Dataset items
--

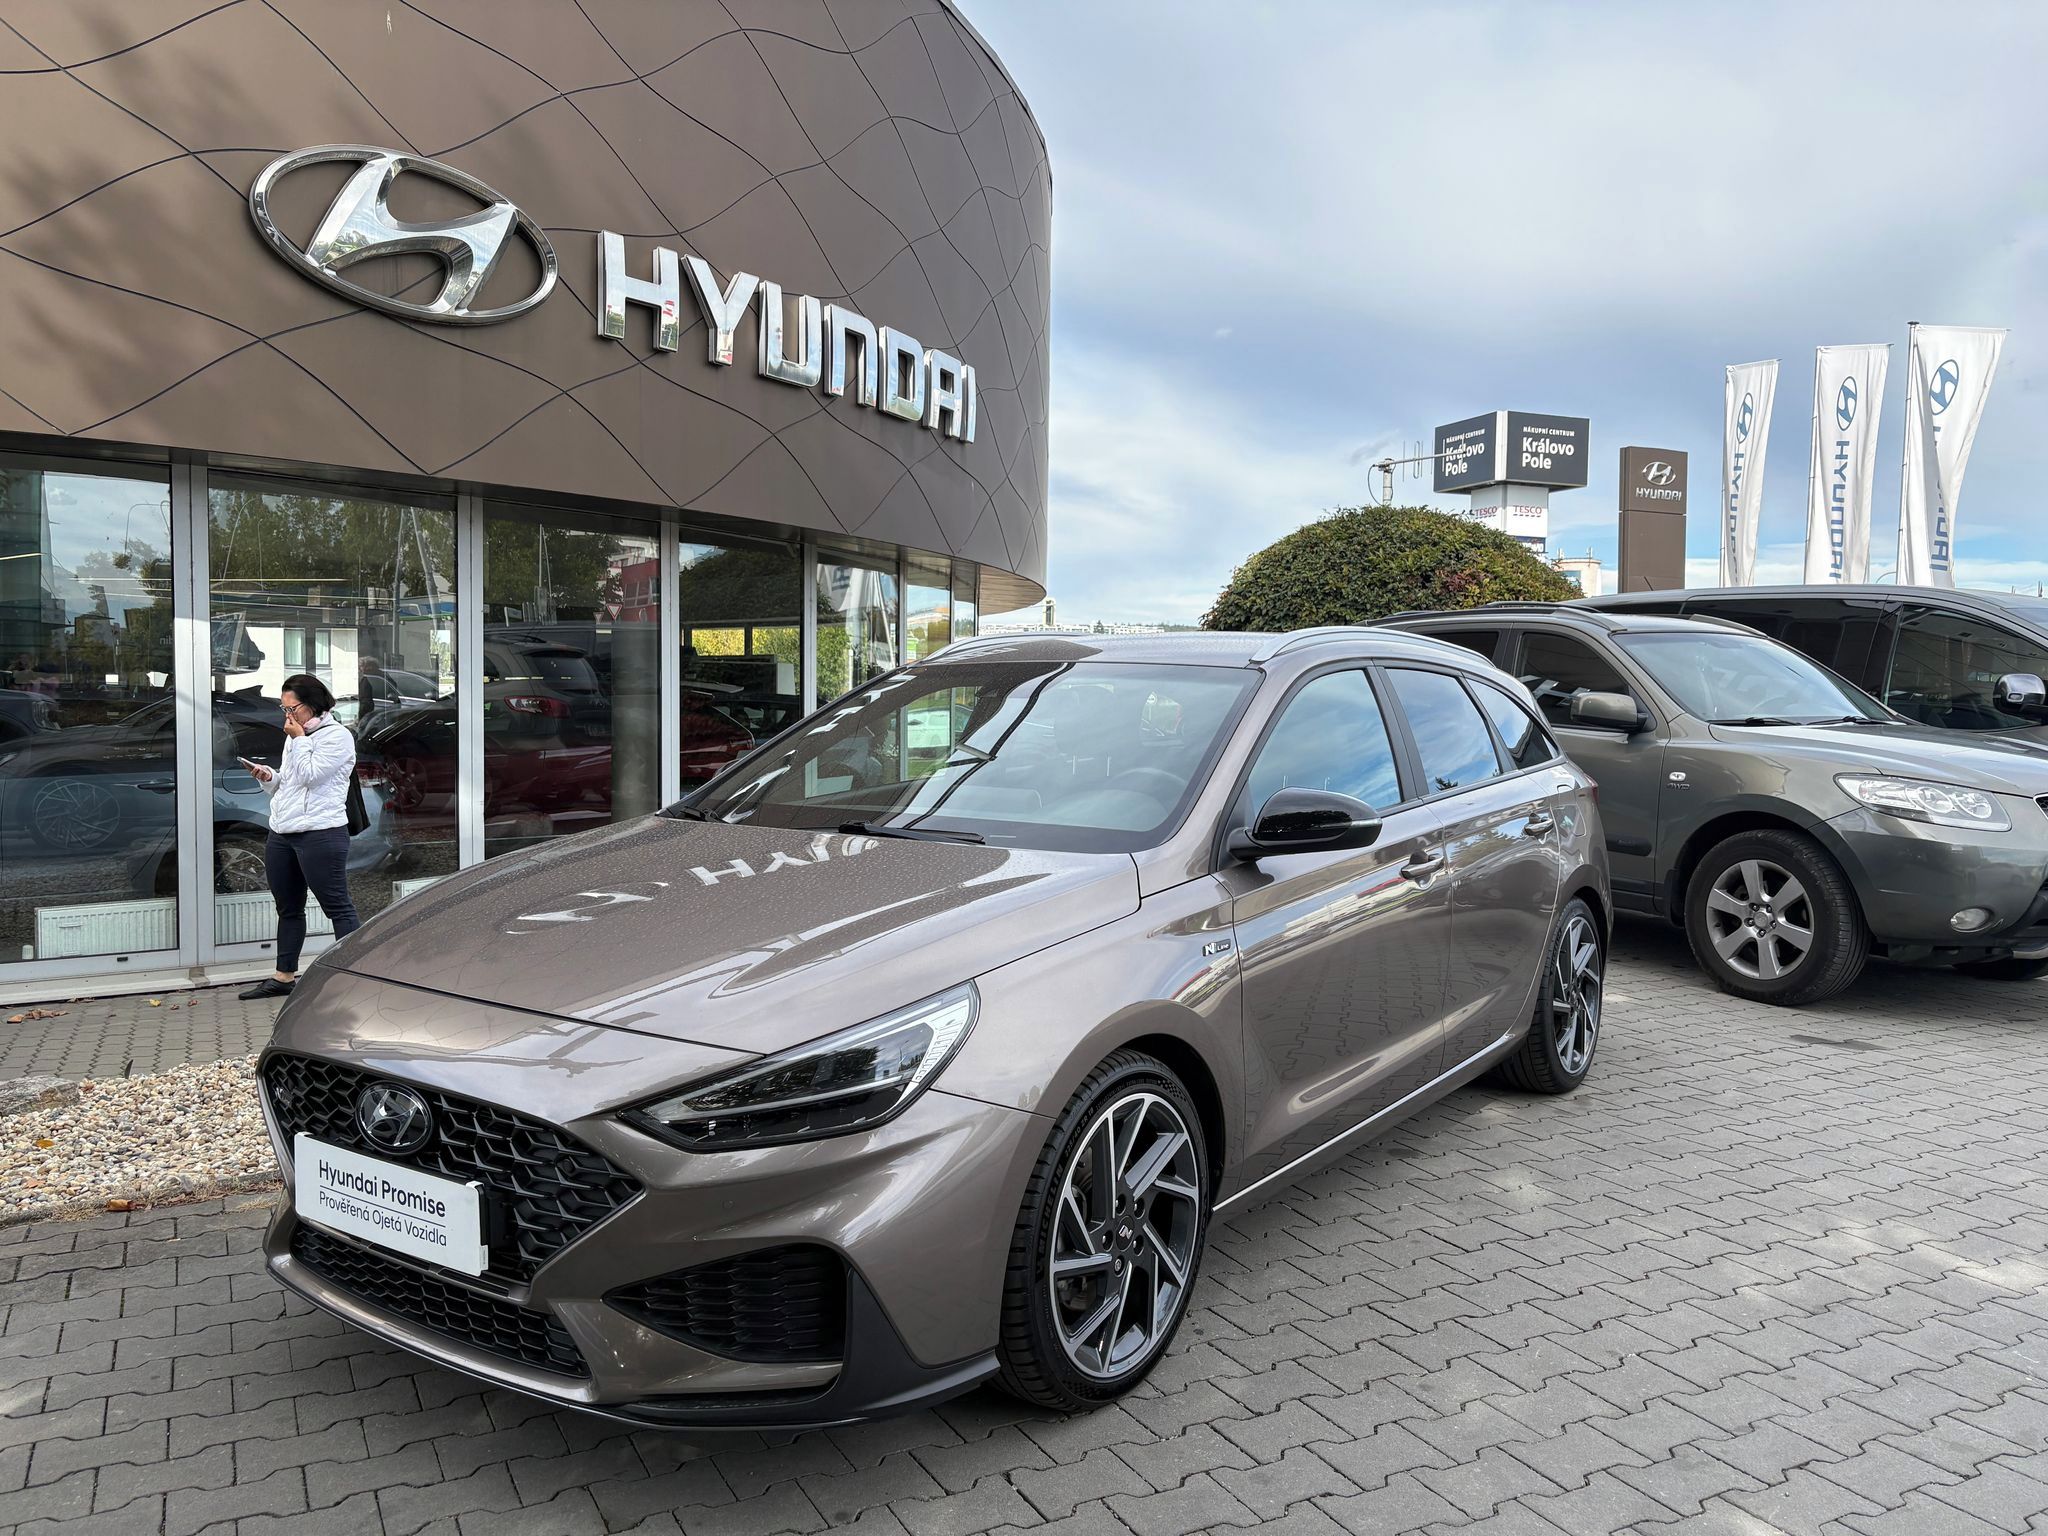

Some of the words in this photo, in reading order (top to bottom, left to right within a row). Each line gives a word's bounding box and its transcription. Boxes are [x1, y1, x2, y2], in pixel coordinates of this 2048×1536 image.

[597, 229, 978, 444] HYUNDAI
[1465, 428, 1485, 439] CENTRUM
[1523, 426, 1548, 435] NÁKUPNÍ
[1549, 429, 1575, 437] CENTRUM
[1522, 437, 1575, 456] Královo
[1445, 461, 1468, 477] Pole
[1522, 453, 1552, 469] Pole
[1636, 487, 1682, 501] HYUNDAI
[1475, 506, 1498, 516] TESCO
[1513, 505, 1542, 515] TESCO
[1829, 440, 1850, 579] HYUNDAI
[319, 1159, 378, 1197] Hyundai
[381, 1180, 446, 1218] Promise
[319, 1191, 370, 1221] Prověřená
[372, 1210, 402, 1233] Ojetá
[404, 1219, 447, 1246] Vozidla
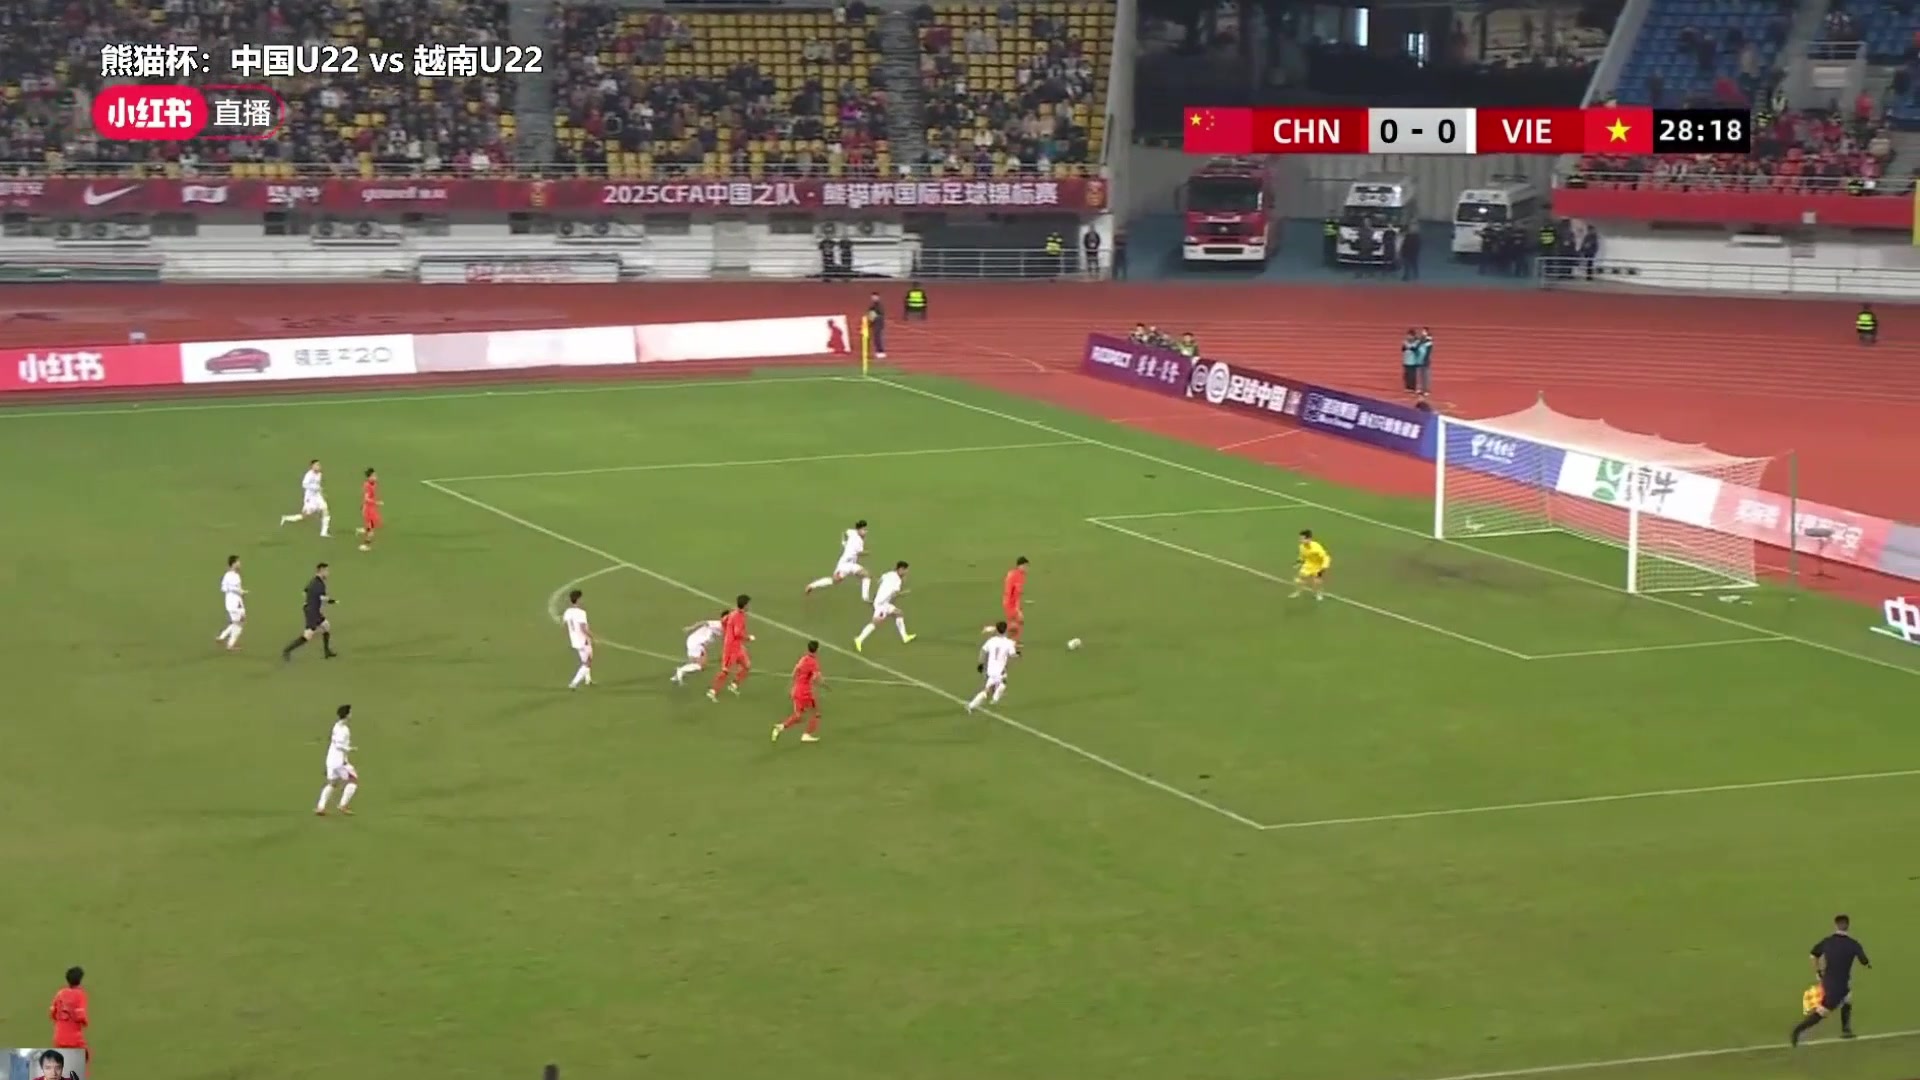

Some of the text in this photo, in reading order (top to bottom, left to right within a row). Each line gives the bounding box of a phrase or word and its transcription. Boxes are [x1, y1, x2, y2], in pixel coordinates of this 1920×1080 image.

[18, 351, 105, 383] 小红书
[1226, 374, 1288, 412] 足球中国

--

■ Problem to work on
Copy from the line with "Some of the text" to the final line of the records, inclusive, and add nothing else.

■ Task answer
Some of the text in this photo, in reading order (top to bottom, left to right within a row). Each line gives the bounding box of a phrase or word and its transcription. Boxes are [x1, y1, x2, y2], in pixel coordinates of this 1920×1080 image.

[18, 351, 105, 383] 小红书
[1226, 374, 1288, 412] 足球中国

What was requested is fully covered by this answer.